Johns Hopkins researchers have developed a powerful new AI tool called Splam that can identify where splicing occurs in genes. This advancement could assist scientists in analyzing genetic data with greater accuracy, offering new insights into gene function and the role of mutations in disease.
The results of this research are published in Genome Biology.
Splam analyzes genetic data with greater accuracy than existing methods, exploring potential links between mutations and disease. It recognizes splice sites, where cells remove non-essential portions, which is a crucial step in assembling gene transcripts to identify functional parts of DNA.
“Precisely identifying splicing sites is key to understanding how cells interpret genetic instructions,” says co-lead author Kuan-Hao Chao, a doctoral student in the Whiting School of Engineering's Department of Computer Science, affiliated with the Center for Computational Biology (CCB). “Splam lets us analyze genetic data with accuracy and efficiency, showing how mutations affect our health and why the same gene can produce different proteins in different conditions.”
Chao is joined by his advisors, Steven Salzberg, the Bloomberg Distinguished Professor of Computational Biology and Genomics and director of the CCB, Mihaela Pertea, an associate professor of biomedical engineering and genetic medicine, and Alan Mao, a fourth-year undergraduate majoring in biomedical engineering and computer science.
Cells rely on genes to guide their functions, containing both useful instructions (exons) and non-essential segments (introns). Splicing is the process where cells remove non-essential portions, retaining only what is necessary.

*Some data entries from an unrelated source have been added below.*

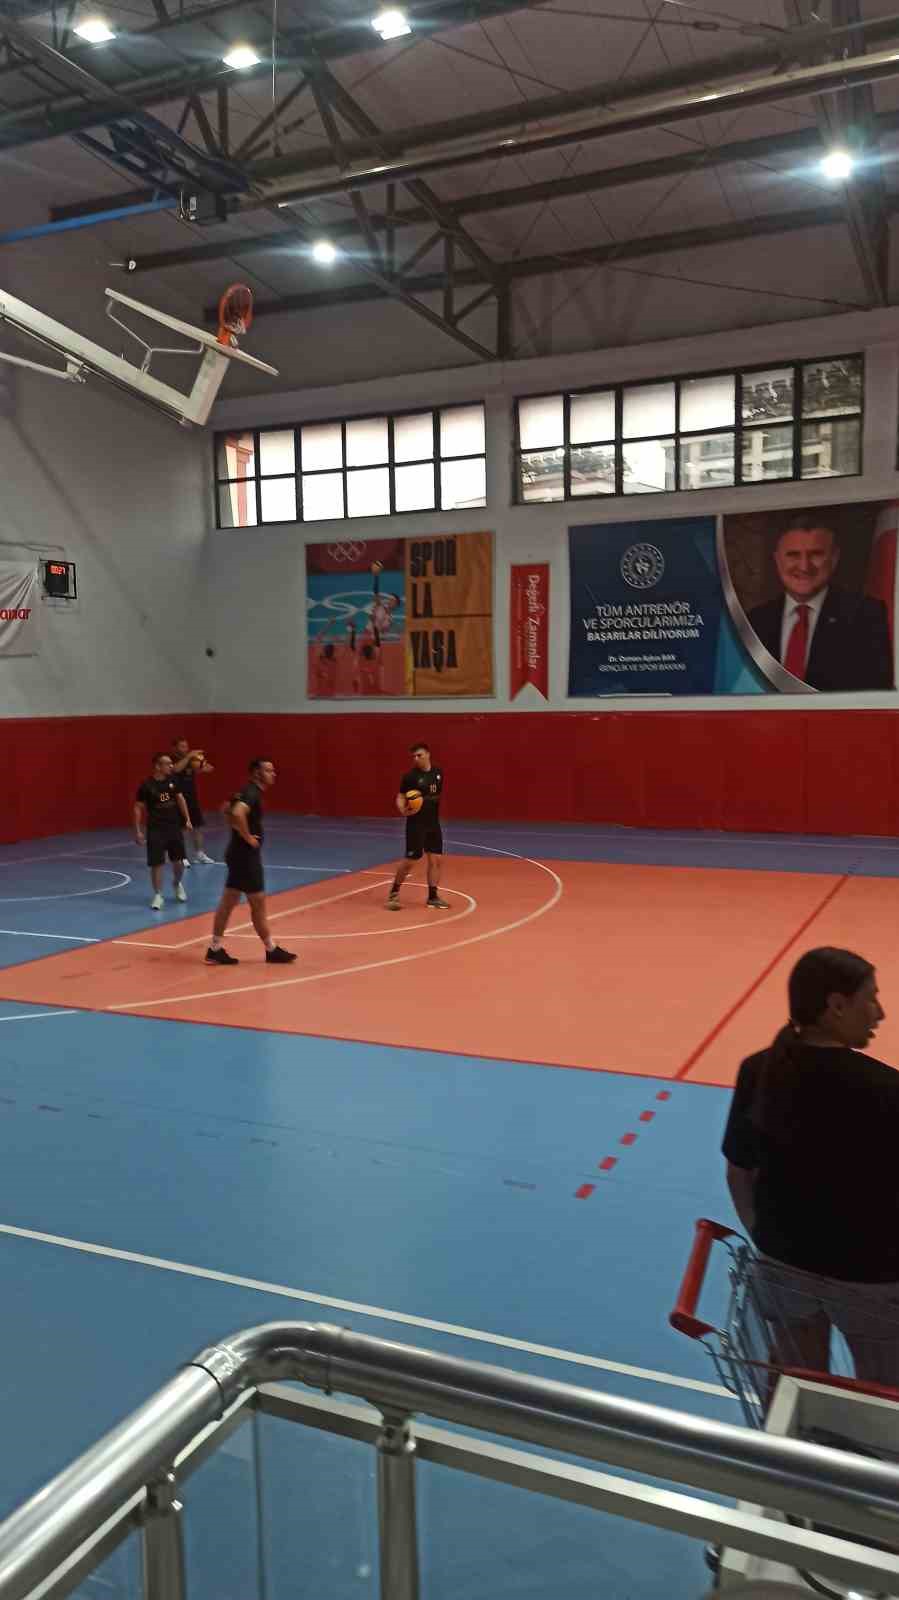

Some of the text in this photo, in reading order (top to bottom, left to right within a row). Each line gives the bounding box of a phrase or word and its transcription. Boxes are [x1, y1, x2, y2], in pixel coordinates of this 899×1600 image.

[410, 540, 457, 576] SPOR
[411, 582, 433, 618] LA
[595, 601, 690, 617] TÜM ANTRENÖR
[527, 574, 541, 669] Değerli Zamanlar
[583, 614, 705, 630] VE SPORCULARIMIZA
[586, 628, 700, 643] BAŞARILAR DİLİYORUM
[410, 630, 458, 672] YAŞA
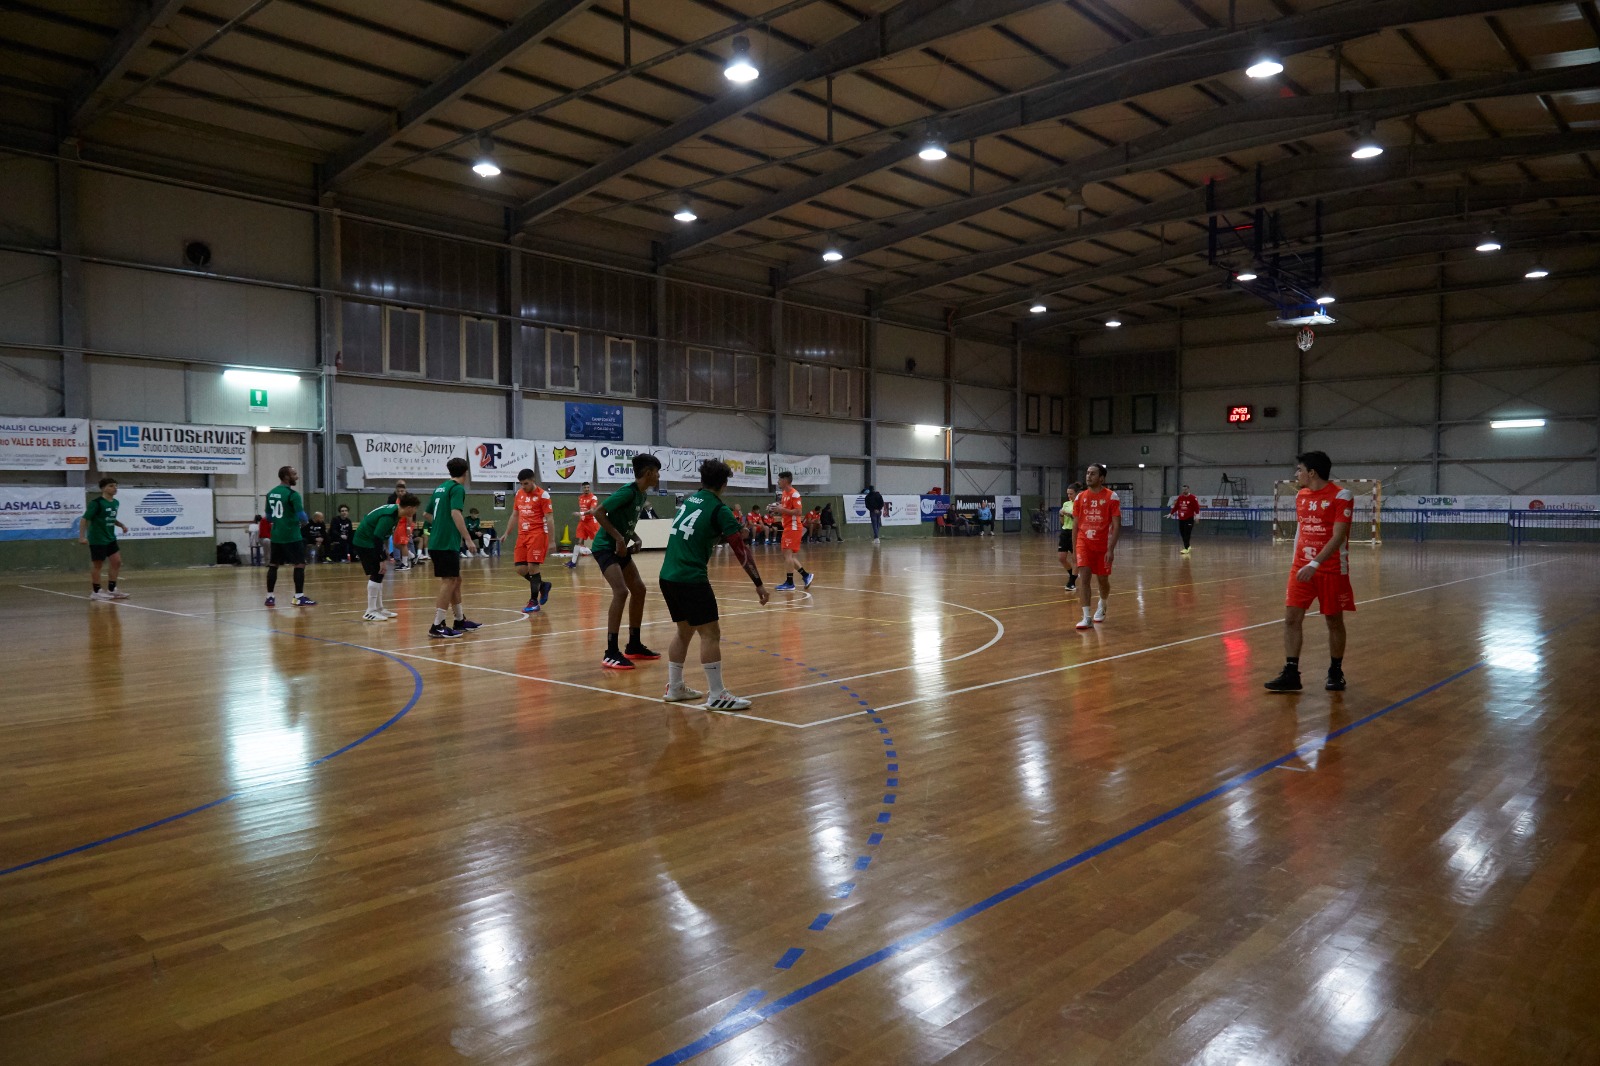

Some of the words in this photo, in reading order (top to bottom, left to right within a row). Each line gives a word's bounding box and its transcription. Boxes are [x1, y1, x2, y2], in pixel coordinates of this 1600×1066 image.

Recognizing splice sites computationally is crucial for accurately assembling gene transcripts. RNA sequencing experiments measure gene expression levels in different conditions, determining if a gene is active or inactive.
“For example, cancer researchers often use RNA sequencing techniques to compare gene expression in healthy versus cancerous cells,” explains Chao.
Identifying splice sites is also significant in genome annotation, which involves determining functional parts of DNA. Genetic testing services, such as those offered by 23andMe, utilize genome annotation to provide insights into ancestry, health risks, and genetic traits.
Compared to the state-of-the-art SpliceAI tool, the Hopkins team's Splam method uses a shorter DNA sequence window to predict RNA splice sites, making it more biologically realistic for research purposes. The Splam algorithm processes a DNA sequence of 800 nucleotides and outputs the probability for each base pair being a donor site, an acceptor site, or neither.
“Our algorithm attempts to recognize these donor/acceptor sites in pairs, similar to how a spliceosome molecular machine operates in cells,” states Chao.
The team developed their algorithm to recognize splice junctions within a window of 800 nucleotides, significantly smaller than the 10,000 nucleotides required by SpliceAI. Despite using less genomic data, Splam achieves better splice junction recognition accuracy.
After training their deep learning model on human DNA, the researchers tested it on the genomes of a chimpanzee, a mouse, and a flowering plant. Their experiments confirmed that Splam's design produced accurate results on these more distant DNA sequences, indicating that it learned essential splicing patterns shared across various species.
The team's next steps involve applying the model to more species and integrating it into existing RNA sequencing pipelines for practical use in transcriptome assembly. “Our method has immediate applications in improving transcriptome assembly and reducing splicing noise, making it valuable for a wide range of genomic studies,” concludes Chao.